[Start of Attachment]

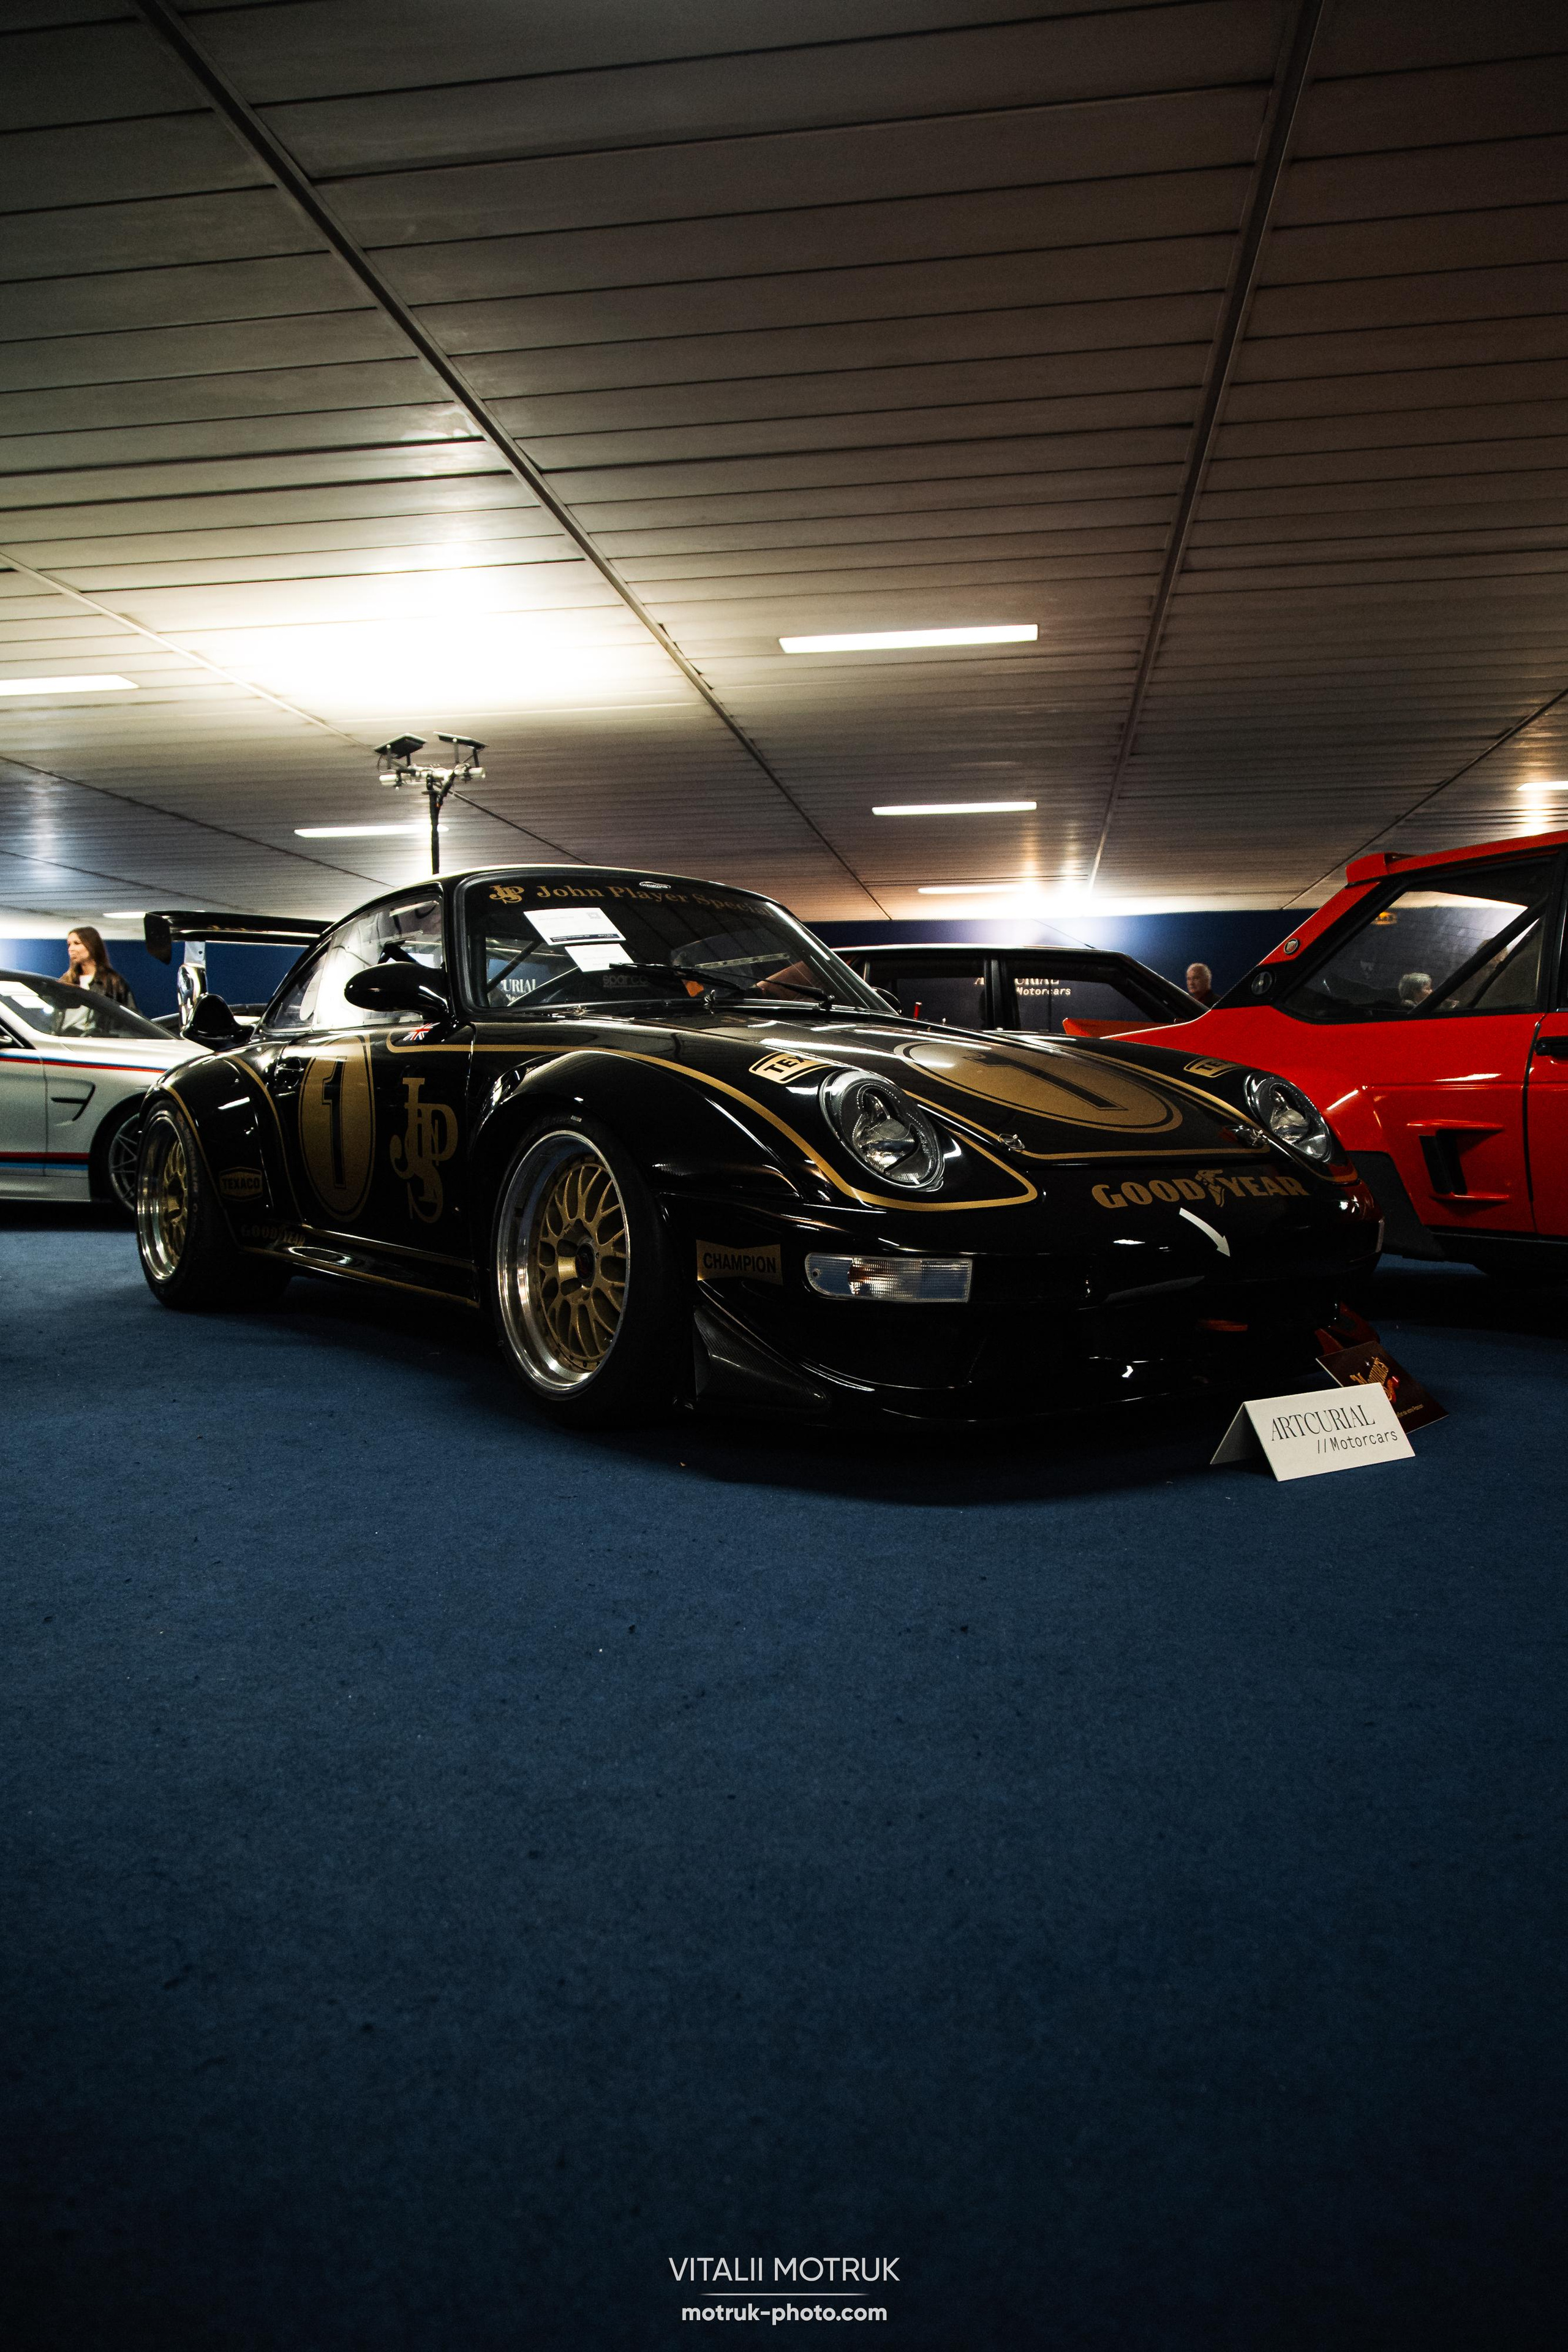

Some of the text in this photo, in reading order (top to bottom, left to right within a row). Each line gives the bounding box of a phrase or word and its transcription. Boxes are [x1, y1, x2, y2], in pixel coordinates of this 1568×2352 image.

[537, 884, 605, 898] John
[606, 885, 688, 903] Player
[692, 892, 775, 918] Special
[962, 1049, 1129, 1111] 1
[322, 1057, 348, 1189] 1
[222, 1177, 260, 1189] TEXACO
[1091, 1169, 1311, 1209] GOODYEAR
[704, 1253, 776, 1273] CHAMPION
[1271, 1404, 1375, 1441] ARTCURIAL

[End of Attachment]

TASK REQUIREMENTS:
Your task is to retype the records above in full and exactly, omitting the pictures.

EXERCISE ANSWER:
Some of the text in this photo, in reading order (top to bottom, left to right within a row). Each line gives the bounding box of a phrase or word and its transcription. Boxes are [x1, y1, x2, y2], in pixel coordinates of this 1568×2352 image.

[537, 884, 605, 898] John
[606, 885, 688, 903] Player
[692, 892, 775, 918] Special
[962, 1049, 1129, 1111] 1
[322, 1057, 348, 1189] 1
[222, 1177, 260, 1189] TEXACO
[1091, 1169, 1311, 1209] GOODYEAR
[704, 1253, 776, 1273] CHAMPION
[1271, 1404, 1375, 1441] ARTCURIAL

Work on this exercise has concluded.